ZAGREB, Croatia (Jan. 30)
A man who hid a Jewish woman in Croatia during World War II was among 10 people honored this week as Righteous Gentiles.
When World War II began, Jaksha Kalogjera rescued his friend Lili Moravetz, a Viennese Jew who had moved to Zagreb at the beginning of the war. Kalogjera brought Moravetz to Split, and hid her in his sister’s house.
Kalogjera, now 92, was honored Tuesday in a ceremony held at a secondary school here as part of a program designed to introduce Holocaust education into Croatian schools.
“The idea was to make the pupils of this school not just viewers, but active participants in this particular event,” Natasha Jovicich, from Croatia’s Ministry of Education, told JTA.

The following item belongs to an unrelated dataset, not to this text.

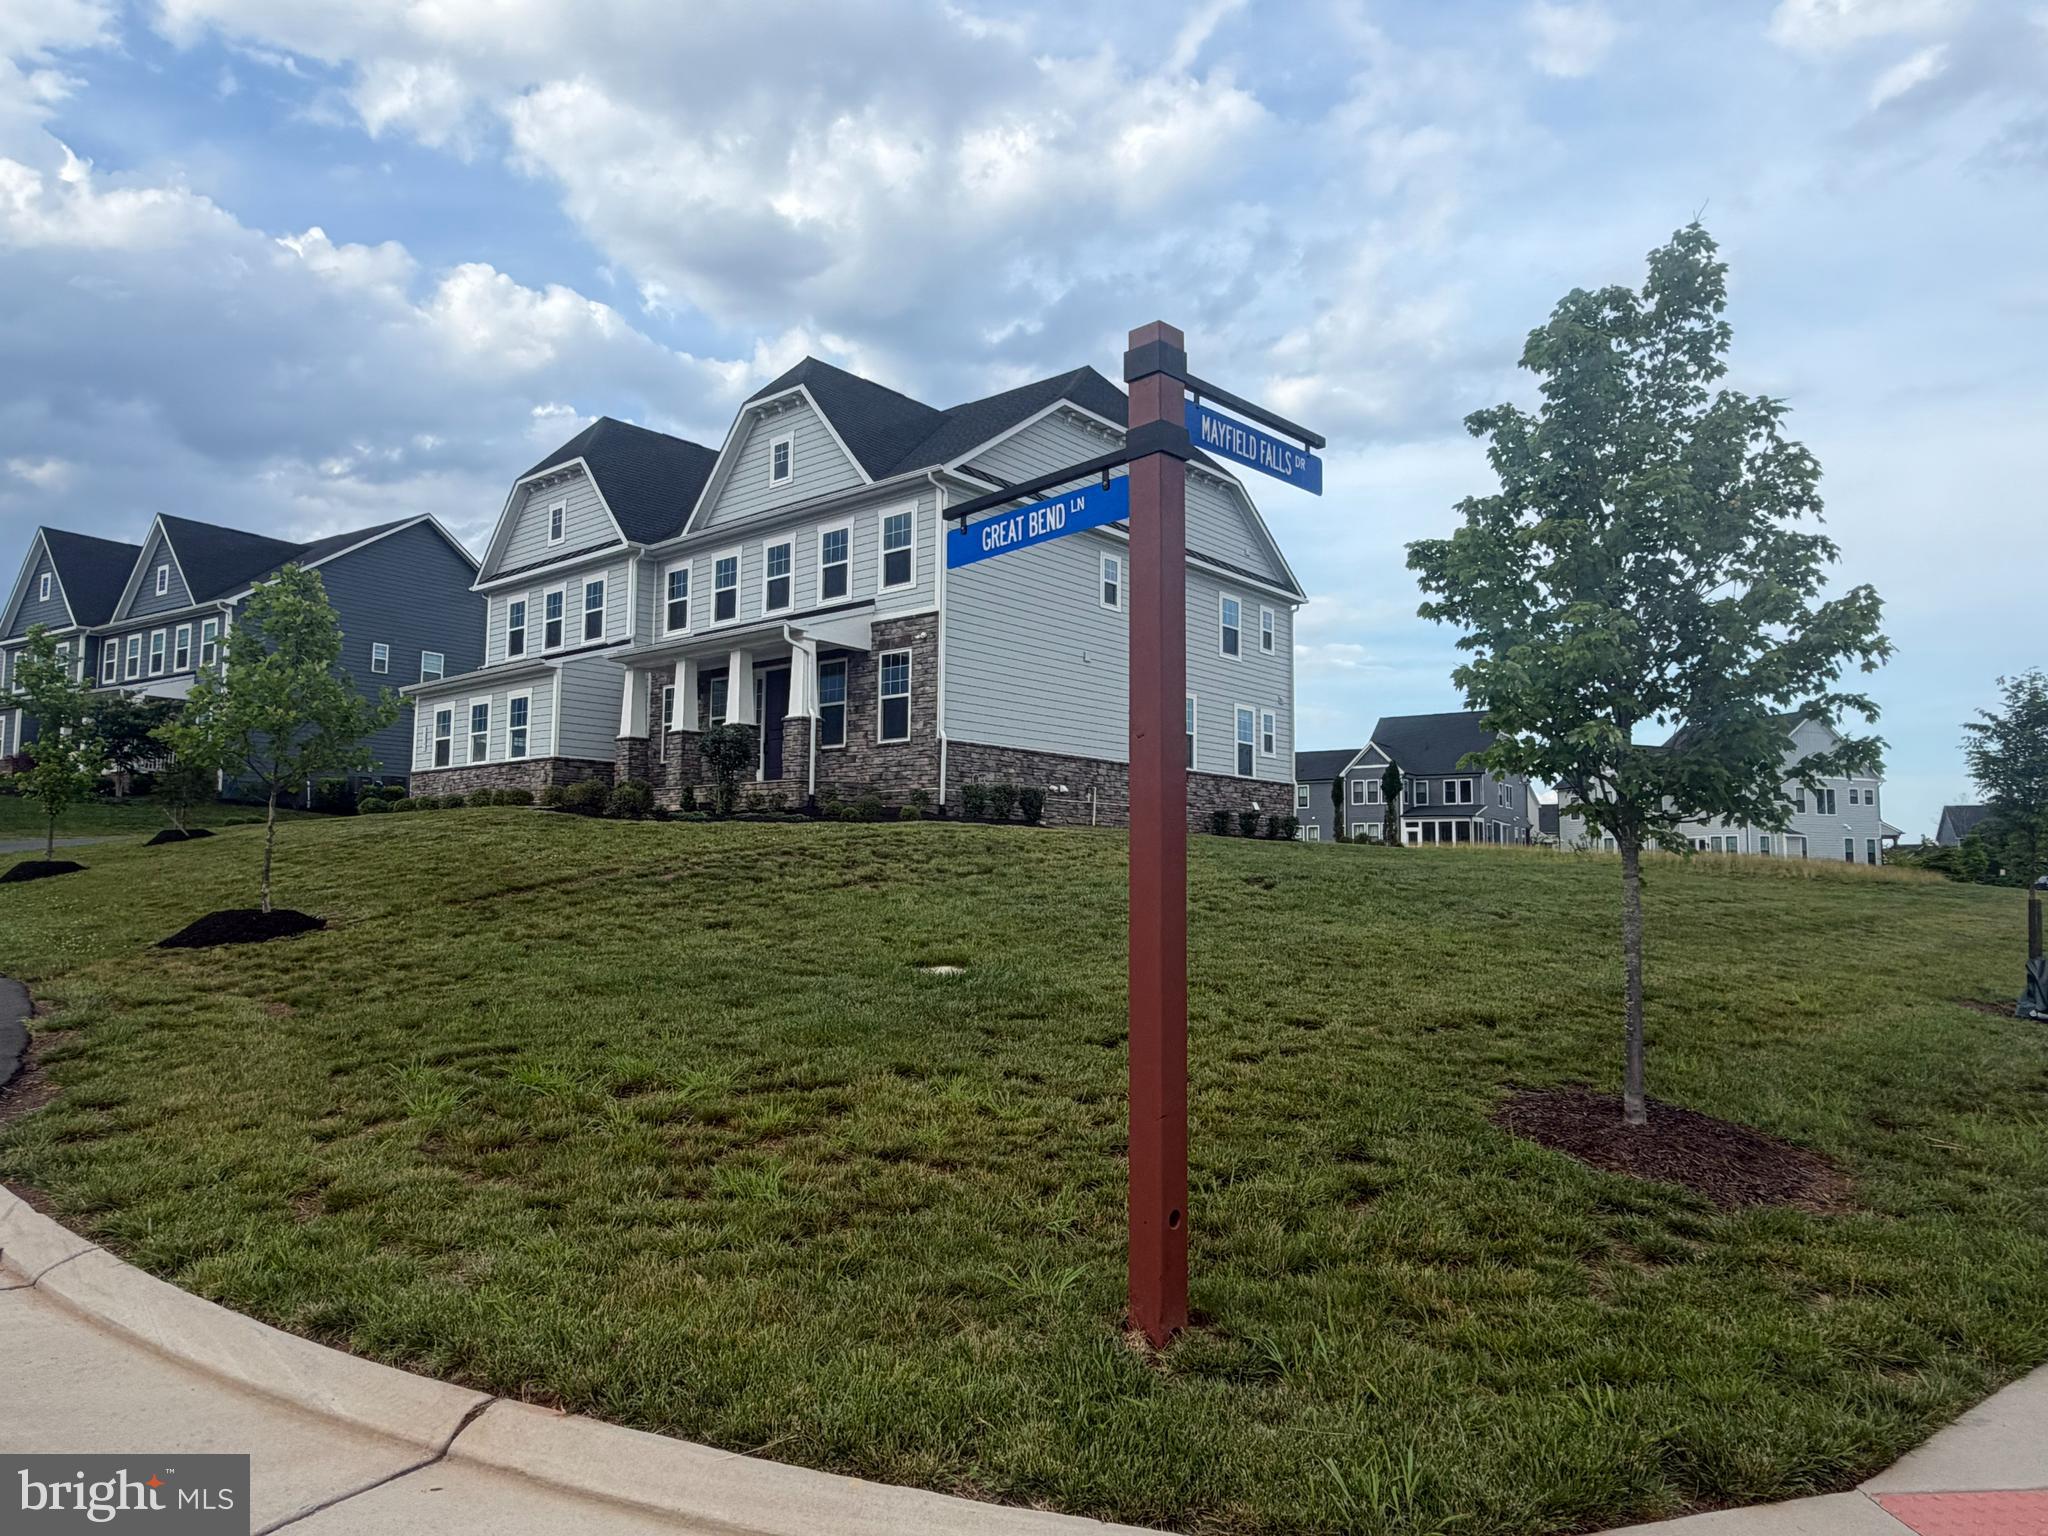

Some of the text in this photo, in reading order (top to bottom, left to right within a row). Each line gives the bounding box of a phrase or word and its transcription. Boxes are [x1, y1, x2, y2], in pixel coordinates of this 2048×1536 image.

[1201, 414, 1306, 476] MAYFIELD FALLS DR
[982, 496, 1085, 551] GREAT BEND LN

Students at the school were encouraged to do research about the stories of the 10 Righteous Gentiles. The students wrote stories about each of the 10 honored, seven of whom were honored posthumously.
The stories were published in the school newspaper, and given to the families of the honorees. The ceremony itself was streamed over the Internet.

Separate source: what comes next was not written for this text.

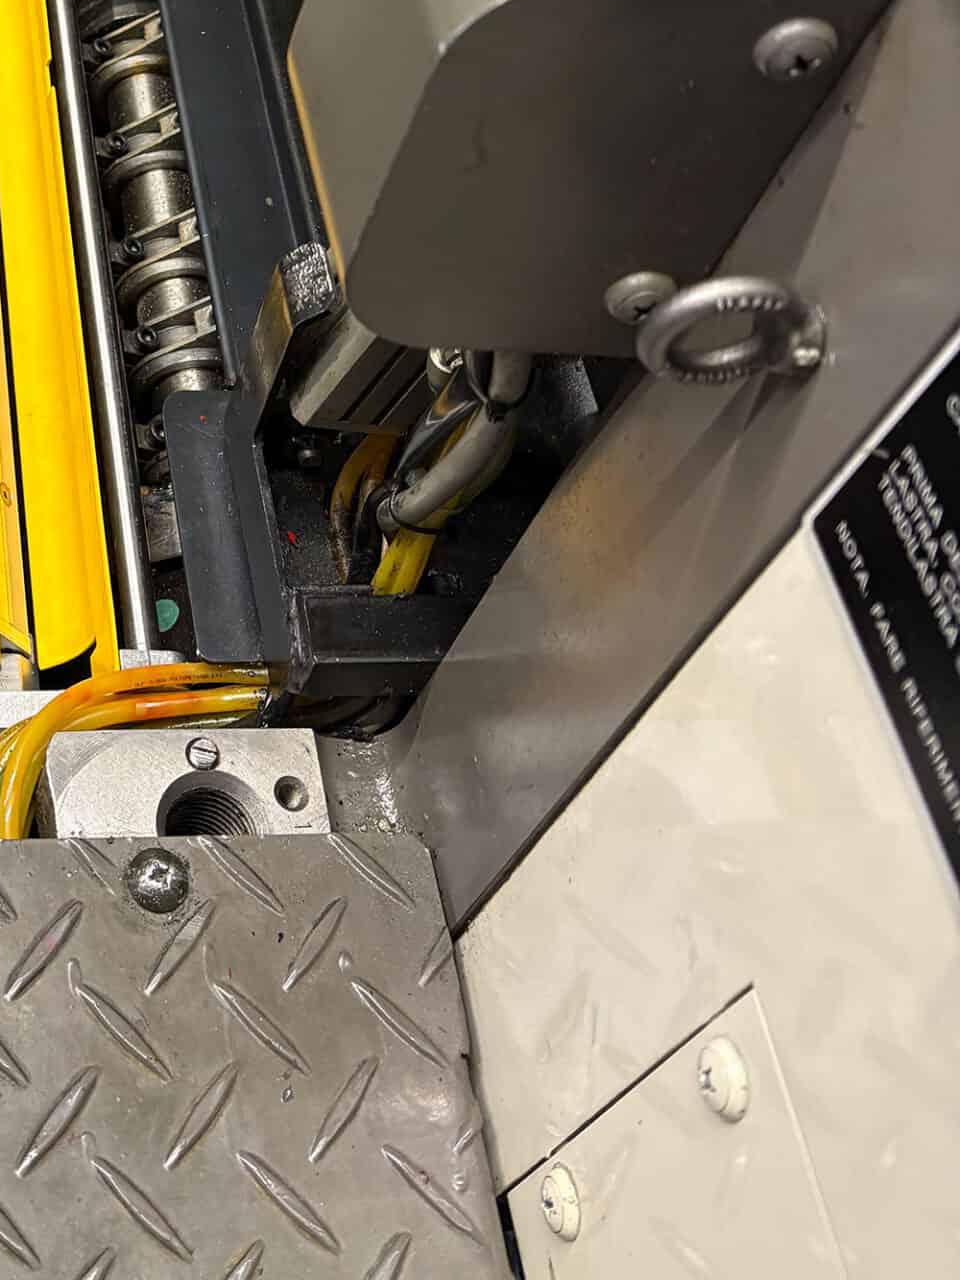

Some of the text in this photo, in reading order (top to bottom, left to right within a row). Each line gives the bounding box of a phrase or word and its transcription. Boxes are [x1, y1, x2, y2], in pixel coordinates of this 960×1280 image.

Last year, Jovicich came under fire when she suggested that Holocaust education needed to be improved in the nation’s schools.
“In Croatia, this is a very belated confrontation with history,” Avi Beker, secretary general of the World Jewish Congress said at the ceremony. Still, he said, “Let us never forget the heroism of those people” who risked “their lives to help those that were persecuted.”
Approximately 80 Croatian citizens have been presented Yad Vashem medals as Righteous of the Nations. Some 30,000 Croatian Jews died in the Holocaust, when the country was ruled by a Nazi puppet regime.
Some 2,000 Jews live in Croatia today.
“Young people should know the whole truth about what happened in the past and in World War II, to know that there were people because of whose deeds we must be ashamed,” said Croatian President Stipe Mesic, who attended the ceremony. “But there have also been people of whom we can be proud.”